The fact that in, at least, three American counties, life expectancy is shorter than in Cambodia or Bangladesh. That's-- you know, that's not because those kids are showing a lack of personal responsibility. It's because we as a country are showing a lack of personal responsibility.

And one of the things-- one of the reasons we wrote "Tightrope" into this documentary is really an attempt to highlight the need for fundamental changes to provide greater opportunity for kids in ways that not only help those kids, but also restore a better future for the country as a whole.

ANDY SERWER: You know, I love the zip code work that you do. And I saw that you did it in that tax cheat story comparing this woman in prison to President Trump. And then that audit by zip code thing where the most audited zip codes are these impoverished county, the one in the number one in Mississippi with a high-- a level of African-American residents, right?

NICHOLAS KRISTOF: Yeah, that's right. That's Humphrey's County, Mississippi and has the highest rate of tax audits in the country. And it's a majority African-American county with I think a per capita income of $28,000 or something. And the idea that that is where the IRS is focusing its resources. And, meanwhile, if I remember right, only 0.8% of 2018 tax filings of more than $10 million have been audited.

You know, there-- there is something wrong with this picture. And it reflects an inequality not only of wealth and income, but an inequality of opportunity and inequality of political power and of a kind of human rights. So I think we need to look at these sort of basic issues of fairness of who we are. And these are complicated. They're hard. They're no easy policies. But other countries, Canada manages to largely figure these out. So does Germany. So does Japan. You know, I think we-- we can do better than we are.

ANDY SERWER: Another hot button topic right now, Nick, is stimulus and what Washington should do to get our economy back on track. Do these checks to Americans work? What's the best way for the government to help us out during the pandemic, you think?

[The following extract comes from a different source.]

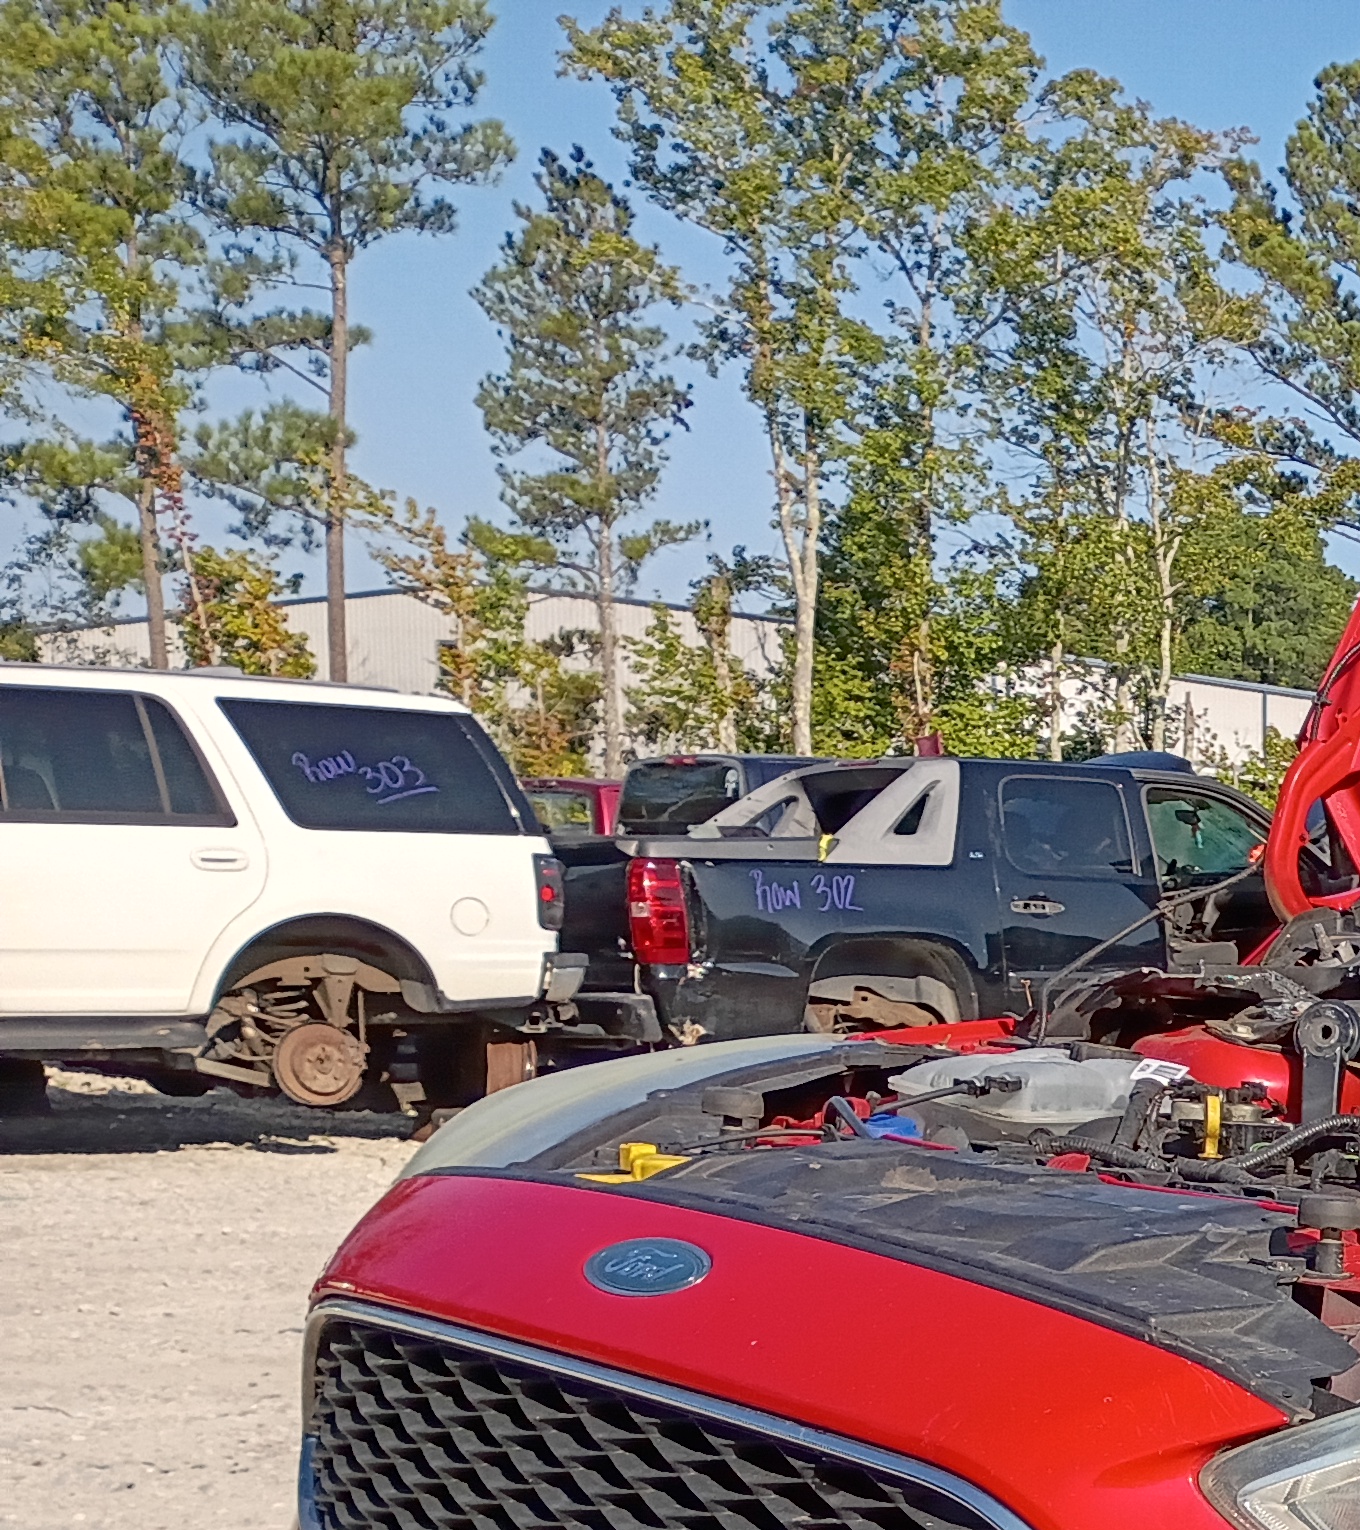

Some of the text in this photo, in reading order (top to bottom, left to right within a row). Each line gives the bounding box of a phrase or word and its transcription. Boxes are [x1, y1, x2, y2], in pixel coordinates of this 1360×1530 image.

[358, 756, 426, 794] 303
[748, 869, 864, 913] Row 302
[604, 1246, 684, 1283] Ford

NICHOLAS KRISTOF: The fact that we can't manage a new stimulus package when, 10% of American households with children now say they don't have enough food in the last week is just unconscionable. And I-- I worry that if it doesn't happen before the election that it won't happen before January either.

We also have troubling indications that suicide is up, that use of-- of drugs is up. One person in "Tightrope" who runs a drug treatment program, she estimated to me that-- that relapses are up 50% because of the pandemic. And so what we have is a pandemic of disease that is now followed by a pandemic of hunger of school dropouts, of mental health crises, of drug dependency and of suicide.

And there-- you know, there are no easy ways to address it. But we do know that that early effort in the spring to send checks to homes did seem to make a huge difference. And it also, as best economists can tell, did not seem to impede people returning to jobs. So I would very much like to see a new stimulus package aimed at sending out-- sending out checks.